Toward the end of the lecture, I asked Mosaliuc how she would handle a particular intralingual to interlingual translating dilemma: How would one translate the African-American dialect of English into her native language, Romanian? (I think, in particular, of Langston Hughes, who is the most prolific - and possibly most widely-read - of all African-American poets. I think of Hughes' his "Madam fo You" series - "Madam and the Rent Man," "Madam and the Phone Bill," etc. How would one translate the blues sensiblity of the stanza:
I'm mad and disgusted
with that Negro now.
I don't pay no REVERSED
charges nohow.
The presentation here is essential blues - the dialect, the rhyming, the peculiarity of the syntax. It would be difficult, even to do an intralingual translation of this stanza to a different American dialect. The simultaneous humor/sarcasm/sadness/music are what make it bluesy. And losing any one of these elements is to lose the blues of it.)

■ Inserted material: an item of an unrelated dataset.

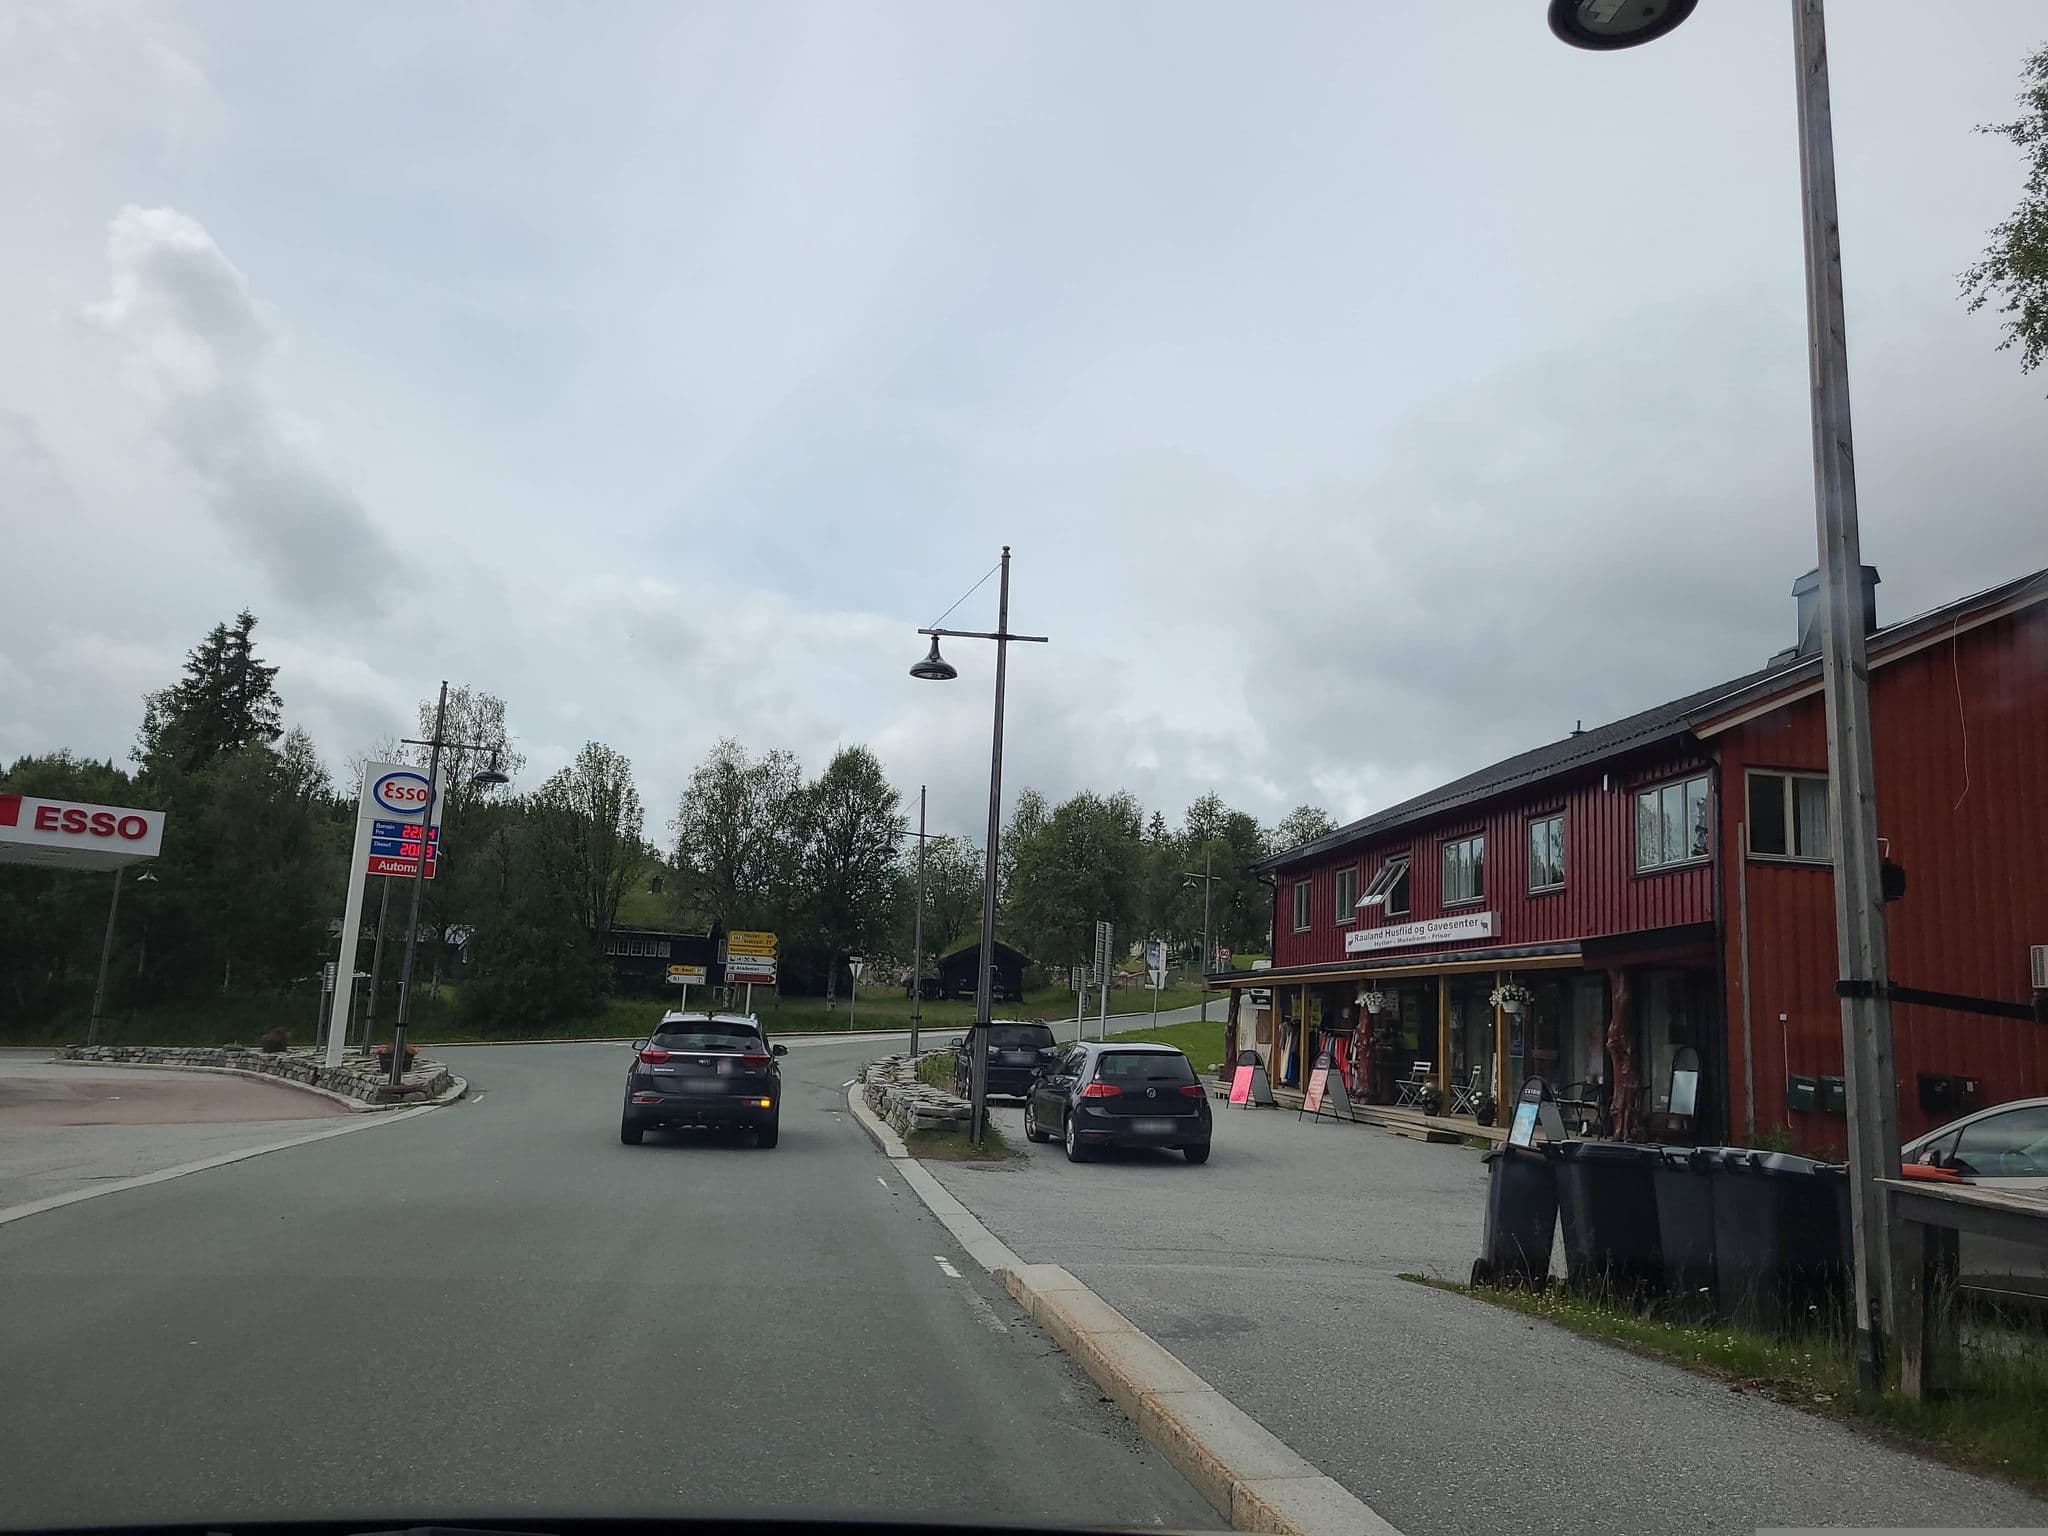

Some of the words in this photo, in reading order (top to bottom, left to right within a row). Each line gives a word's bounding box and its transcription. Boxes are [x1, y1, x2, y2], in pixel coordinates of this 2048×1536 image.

I didn't ask the question necessarily because I thought she'd have an answer, but more to see if she had ever considered it. Based on her answer (and I appreciated her honesty), it appeared that she had not, in fact, considered it. (She did approach me at lunch the next day to say that it was something that she thinks is important and something which she will definitely be thinking about in the future. Two points!) But when she confirmed what I believed - which was that she had not thought about it - suddenly I saw the importance and, dare I say, the need for me as an African-American poet to invest in learning the skills of translation. If I don't do it, then who will?
*
The most priceless moment in the lecture came when Moscaliuc recounted a story, decades ago, of a certain American translator who, in translating a French love poem into English, was confronted with translating the French word, cyprine.
It turns out that the literal English translation for cyprine is… cervical mucus. Yes, cervical mucus! As in, cervical snot! Aside from creating a syllabic issue (5 syllables instead of 2), cervical mucus sounds disgusting! Not to mention infectious!
Word has it, the translator decided to take it upon himself to use the word, gleet, which sounds equally disgusting in itself and is downright repulsive if you read its full definition. Not sexy!
Which again demonstrates the importance of translators and the need for diversity among translators (for example, no woman would have ever translated that word as gleet!)
Thanks, but no thanks, mister. I'll be taking my cyprine straight.
1 comment:
Ayo, I was also moved by this same talk and doubly so by your particular insight. I took away thoughts on the term "foreignizing." The sentiment is that foreignizing is more true to the original text, leaving in some of the original language--perhaps challening for the non-native reader--but more true to the text, finding ways to footnote around it to help the non-native into the work (perhaps). Well I hate the word "foreignizing." Maybe it's "humanizing" or "globalizing" or "dignifying." You raise excellent questions about translations of dialect--dictionaries and translators have challenges with so-called standards, so how to capture the cadences that sing through race, ethnicity, region, sex. As a mere blip on the translation experience, I would suggest that translators look to the music in their own local dialects to capture the experience from the margins, the poetry then requires the translator to be bilingual and multidialectal--no easy task. But just as AAVE/AAE/BEV/Ebonics etc. exists in the US, so too there are multiple Frenches--turning to Alsatian or even another language such as Haitian Creole to capture the feeling of Hughs in French (for example).
There are so many translations of self in a poem that the translator's job seems an impossible gift, a door opener, a window that keeps opening by cracks.